Ryen is a spelling variant of Ryan, an Irish surname-name meaning little king.
Ryen is a variant spelling of Ryan, one of the great Irish exports of the twentieth century. The name derives from the old Irish surname Ó Riain, meaning "descendant of Rían," with Rían itself thought to come from the Irish word rí, meaning "king" — making Ryan, at its etymological core, a name meaning "little king." The Ryans were a powerful sept in County Tipperary and County Limerick, and the name's surname origins gave it a robust, grounded quality when it transitioned into first-name use.

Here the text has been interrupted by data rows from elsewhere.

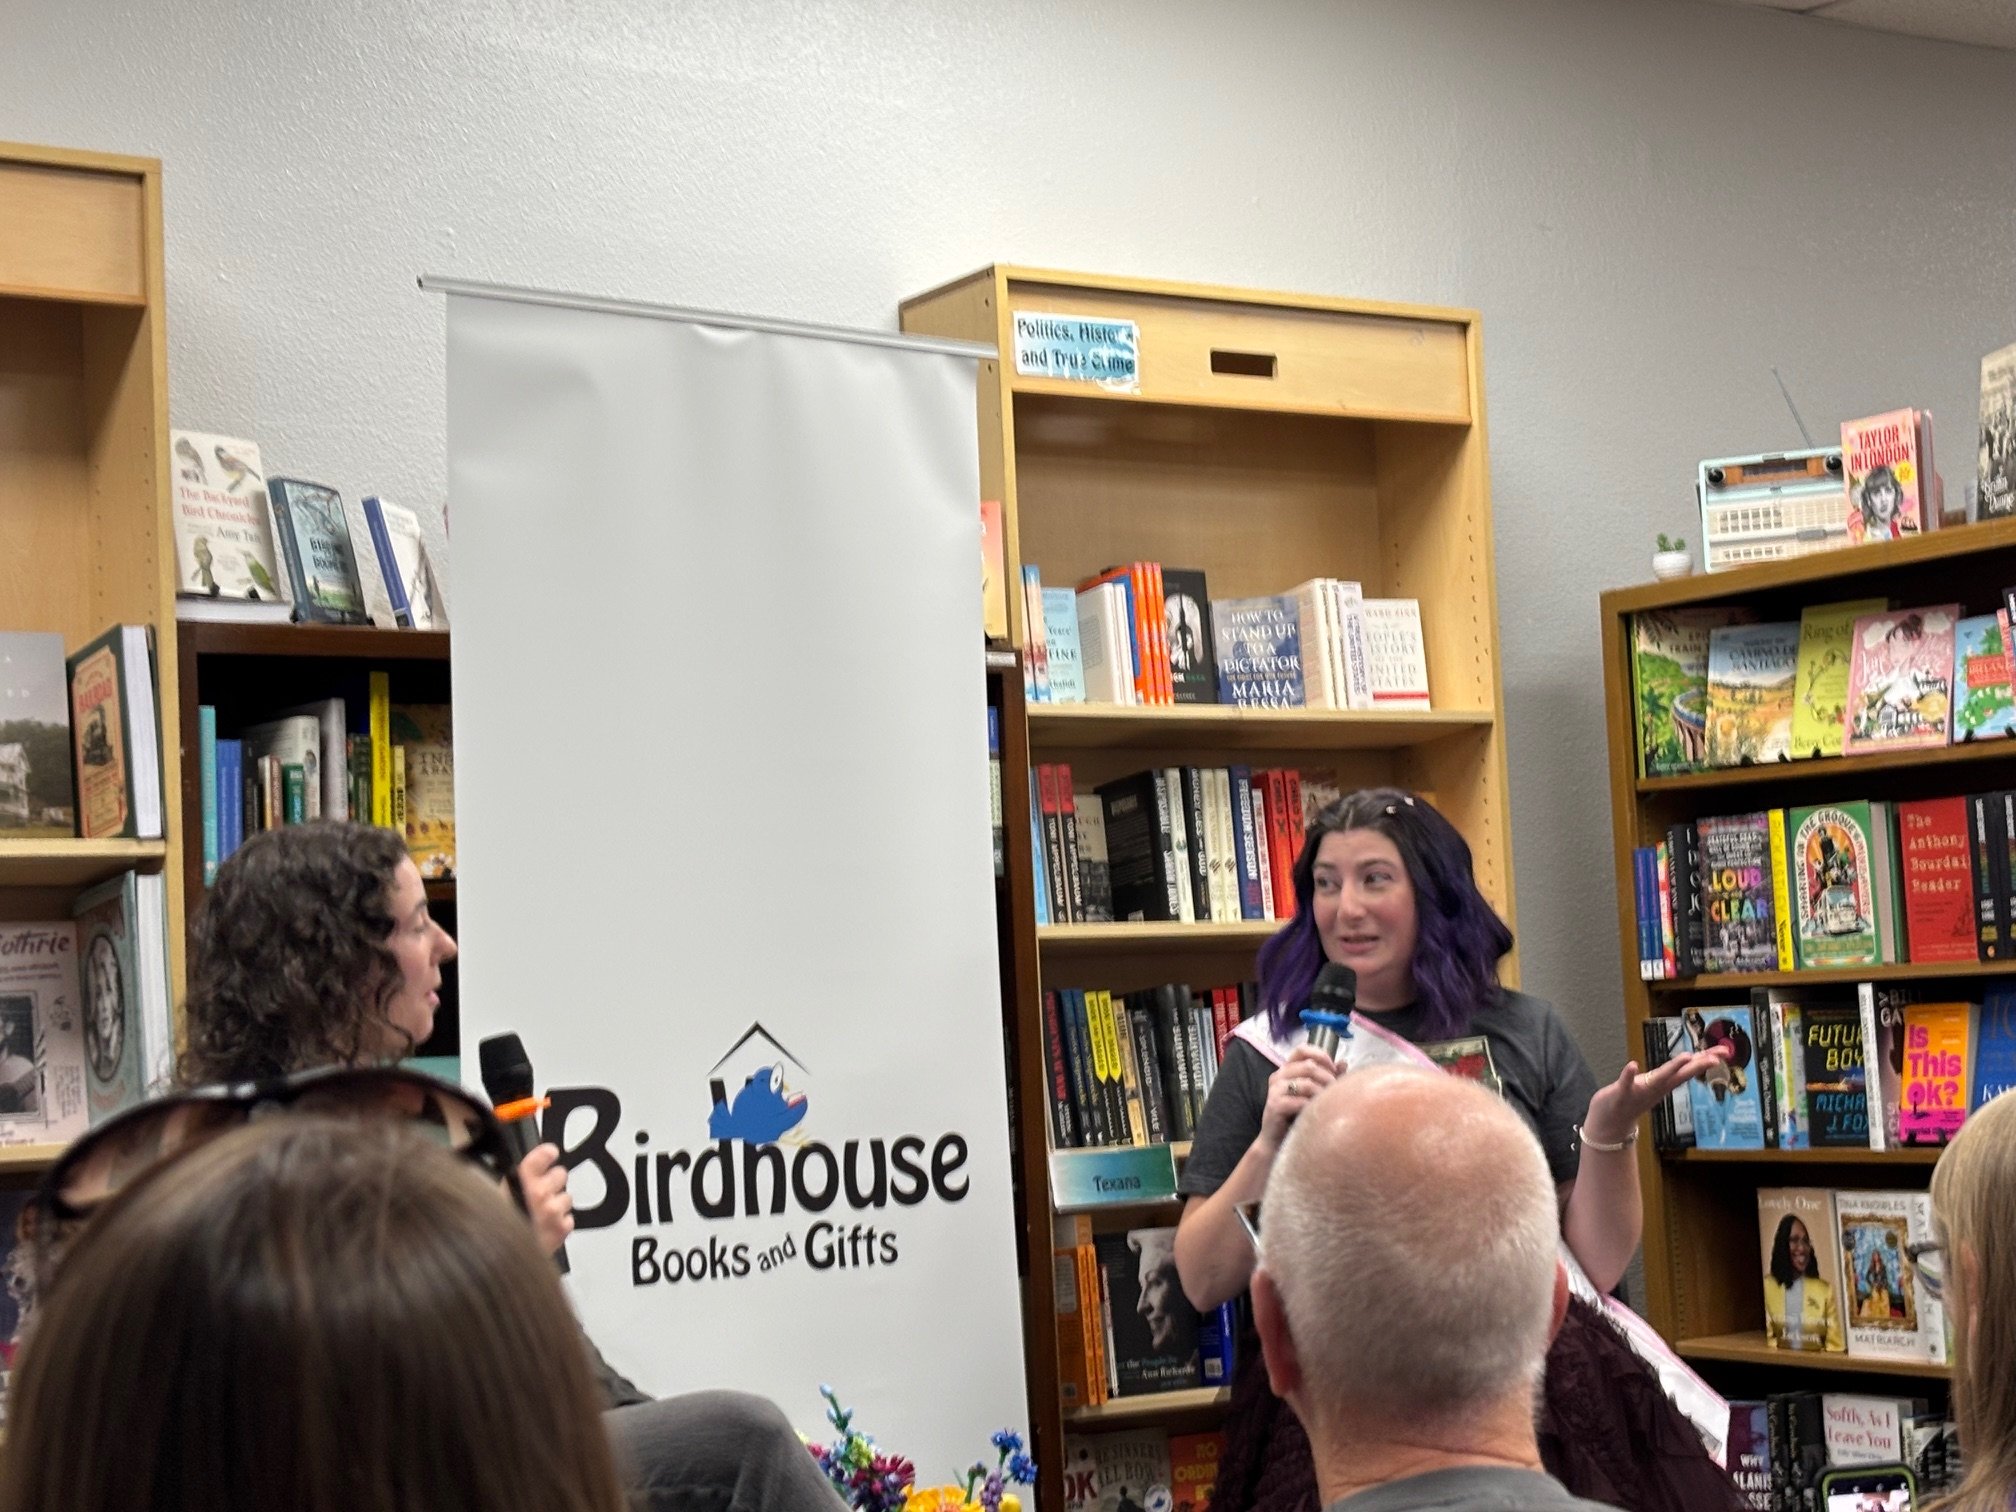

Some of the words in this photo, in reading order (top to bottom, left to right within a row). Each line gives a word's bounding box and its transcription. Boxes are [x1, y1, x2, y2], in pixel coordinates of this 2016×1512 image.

[1018, 318, 1075, 342] Politics,
[1022, 347, 1048, 367] and
[1858, 425, 1899, 450] TAYLOR
[1851, 454, 1864, 471] IN
[1864, 442, 1910, 468] LONDON
[179, 487, 200, 499] The
[204, 490, 250, 508] Backyard
[182, 504, 205, 518] Bird
[208, 507, 262, 526] Chronicles
[216, 526, 240, 541] Amy
[1231, 610, 1260, 624] HOW
[1264, 608, 1284, 622] TO
[1222, 625, 1272, 642] STAND
[1275, 623, 1296, 640] UP
[1804, 624, 1836, 644] Ring
[1243, 642, 1264, 656] TO
[1266, 642, 1278, 656] A
[1224, 656, 1301, 674] DICTATOR
[1232, 679, 1295, 698] MARIA
[1818, 810, 1858, 837] GROOVE
[1906, 814, 1932, 828] The
[1908, 834, 1966, 850] Anthony
[1910, 854, 1971, 872] Bourdai
[1712, 867, 1762, 892] LOUD
[1912, 878, 1962, 893] Reader
[1710, 896, 1770, 924] CLEAR
[0, 930, 70, 956] uthrie
[1808, 1024, 1863, 1048] FUTUR
[1908, 1024, 1929, 1048] Is
[1826, 1048, 1864, 1072] BOY
[1908, 1050, 1962, 1078] This
[1816, 1094, 1866, 1112] MICHA
[1906, 1080, 1960, 1106] Ok?
[541, 1077, 970, 1273] Birdhouse
[1092, 1174, 1142, 1192] Texana
[1794, 1196, 1822, 1210] One
[1860, 1200, 1906, 1210] KNOWLES
[632, 1236, 750, 1286] Books
[758, 1233, 797, 1272] and
[804, 1220, 900, 1270] Gifts
[1856, 1334, 1916, 1347] MATRIARCH
[1827, 1405, 1865, 1427] Softly,
[1828, 1424, 1863, 1446] Leave
[1866, 1430, 1890, 1449] You
[1197, 1443, 1217, 1458] NO
[1740, 1454, 1764, 1468] WHY
[1174, 1462, 1219, 1482] ORDIN

Ryan exploded in American popularity through the latter half of the twentieth century, fueled partly by Hollywood — actor Ryan O'Neal's fame in the 1970s helped catapult the name into mainstream consciousness — and partly by a broader fashion for Irish surnames as given names. By the 1980s and 1990s Ryan was a staple of American schoolrooms. The spelling Ryen represents a quieter, more individualized take: same sound, different visual signature, appealing to parents who wanted the familiar warmth of Ryan with a dash of distinctiveness.

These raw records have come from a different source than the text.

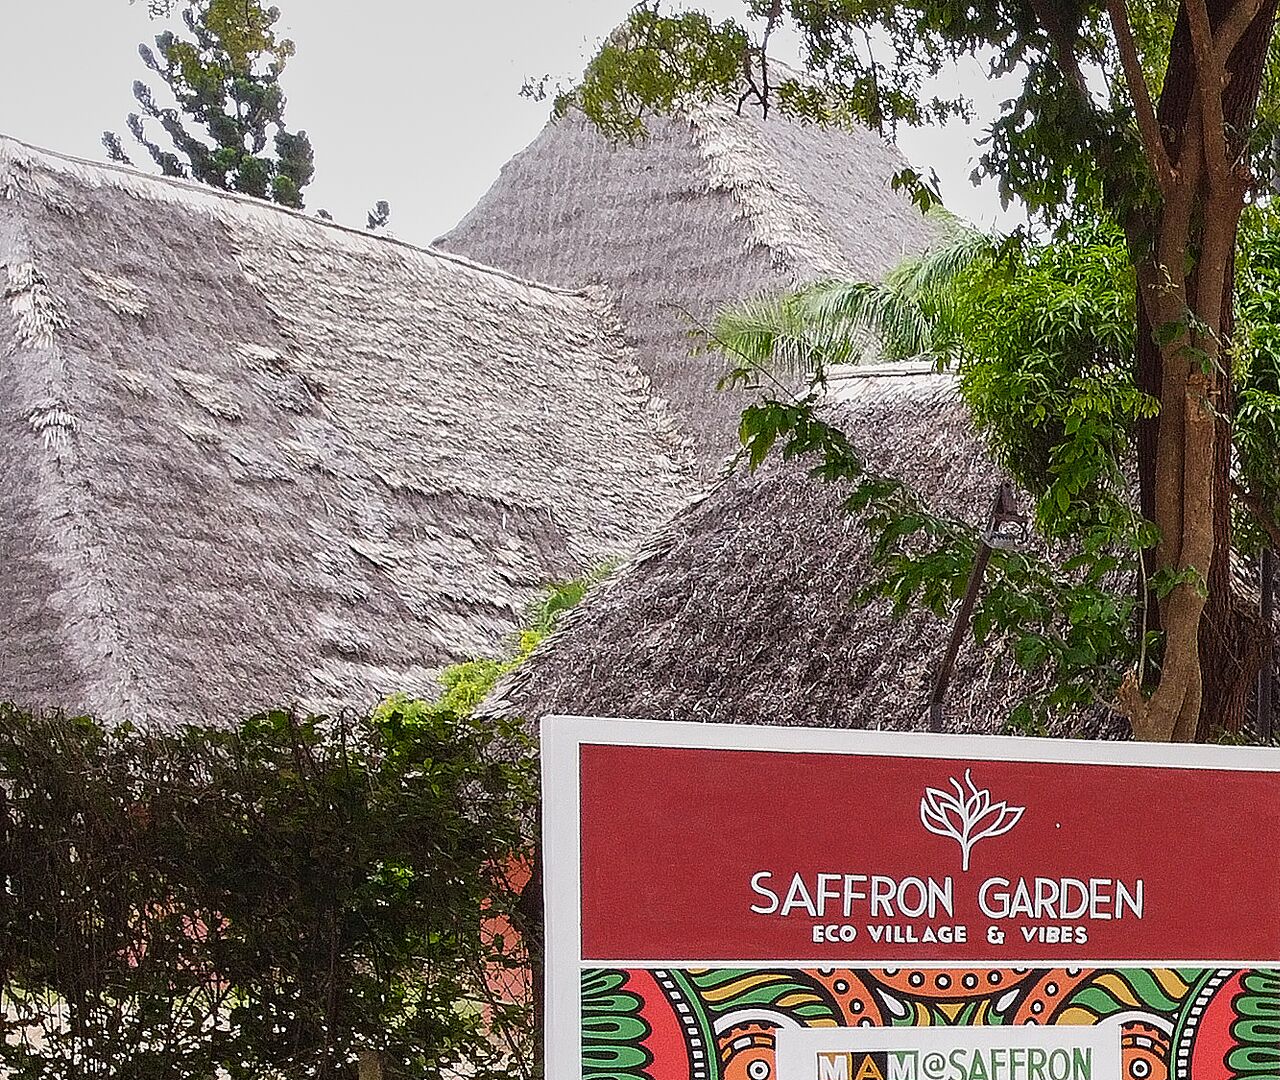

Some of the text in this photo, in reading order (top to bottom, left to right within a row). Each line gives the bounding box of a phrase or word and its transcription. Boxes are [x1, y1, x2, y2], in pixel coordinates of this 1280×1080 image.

[750, 871, 1144, 920] SAFFRON GARDEN
[812, 925, 1089, 944] ECO VILLAGE & VIBES
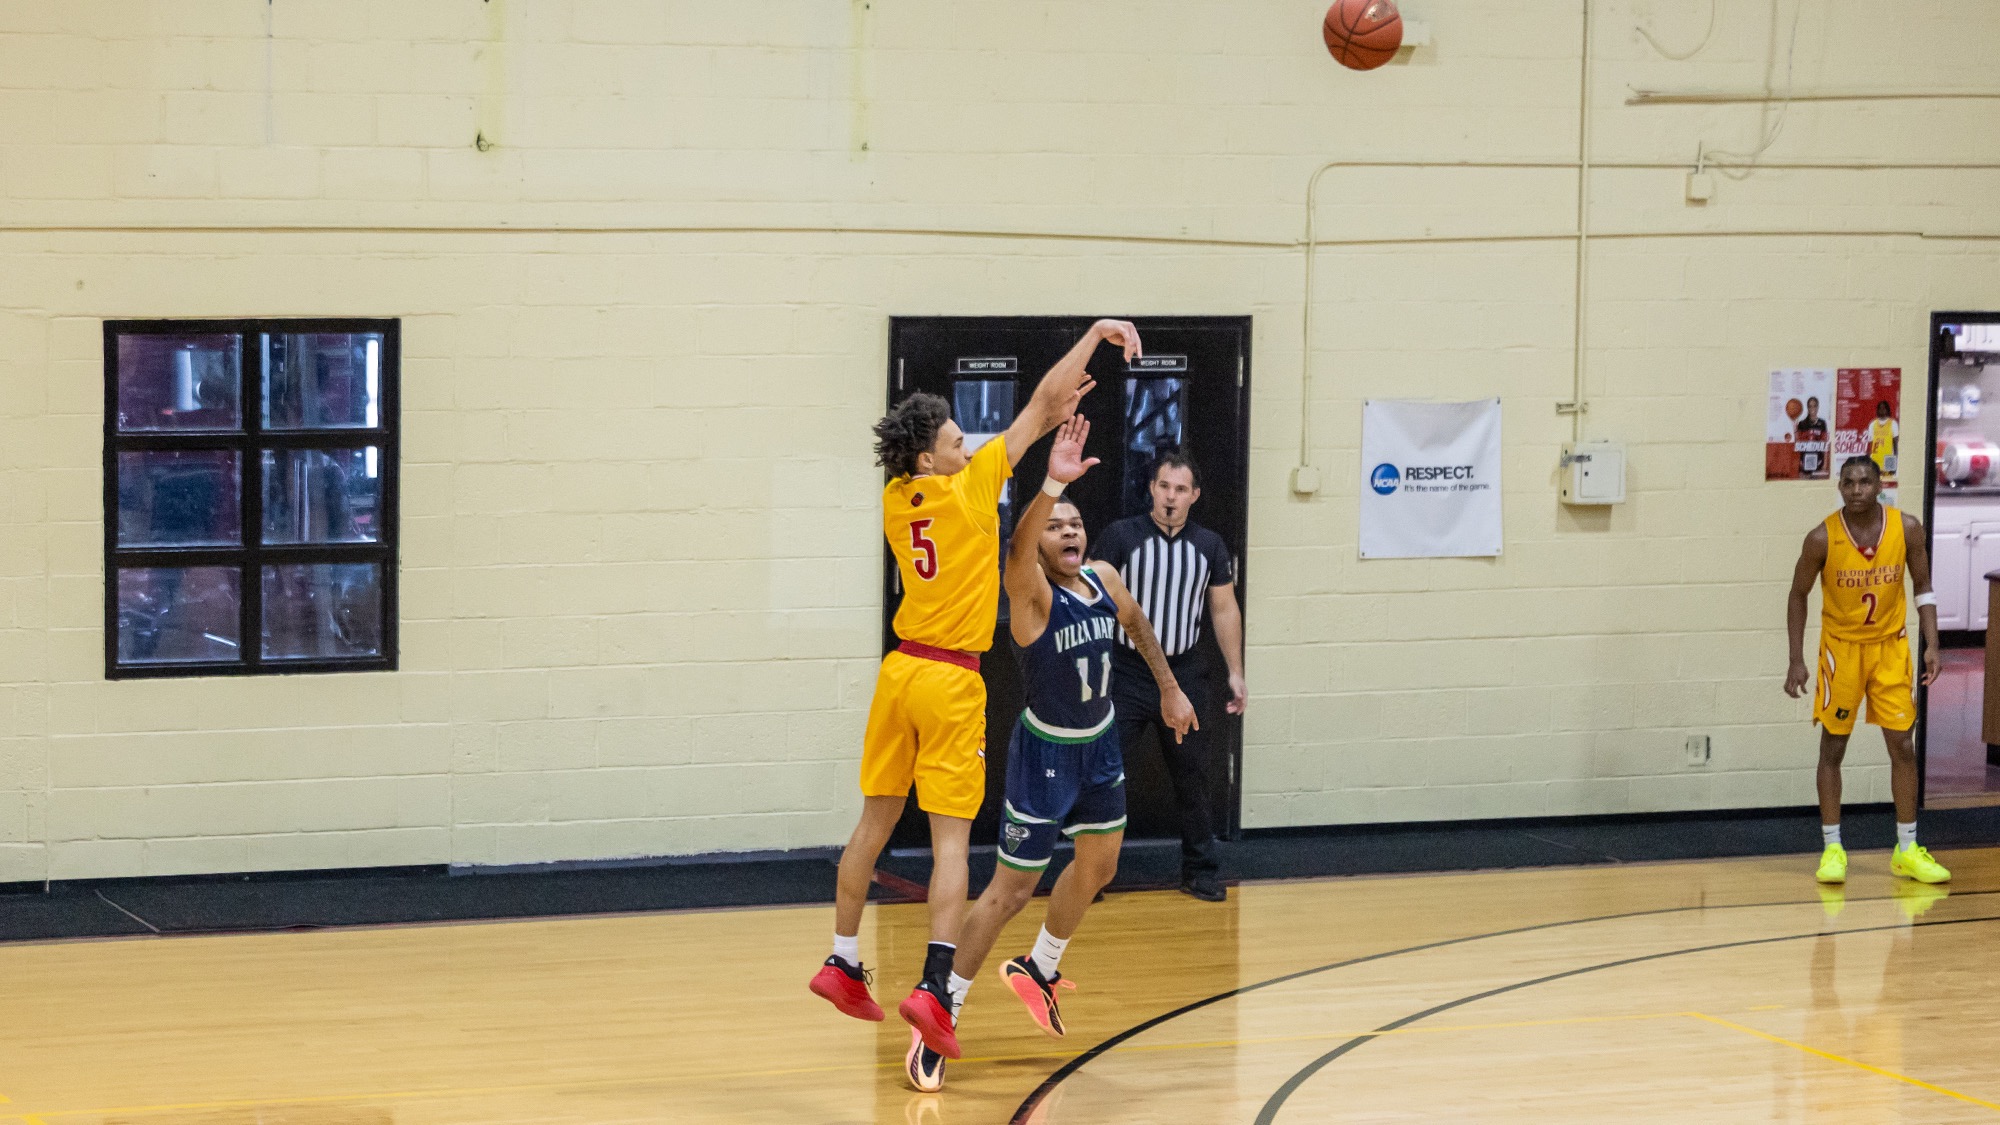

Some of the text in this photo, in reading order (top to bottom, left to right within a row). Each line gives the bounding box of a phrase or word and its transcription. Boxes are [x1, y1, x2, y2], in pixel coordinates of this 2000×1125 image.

[1405, 465, 1475, 481] RESPECT.
[1373, 477, 1401, 488] NCAA
[1404, 484, 1415, 492] It's
[1416, 484, 1429, 492] the
[1450, 483, 1458, 491] of
[1458, 483, 1469, 491] the
[1469, 483, 1492, 493] game.
[909, 517, 939, 582] 5
[1836, 564, 1901, 578] BLOOMFIELD
[1836, 573, 1901, 588] COLLEGE
[1861, 591, 1877, 627] 2
[1054, 620, 1093, 654] VILLA
[1076, 651, 1112, 702] 11

The variant spelling also softens the name slightly on the page, giving it a more gender-ambiguous quality that suits contemporary tastes for names that don't rigidly signal one gender. Ryen has been used for both boys and girls, following in the footsteps of Ryan's gradual shift toward unisex territory. Its Irish royal roots remain intact beneath whatever spelling parents choose — a little king or queen by any orthography.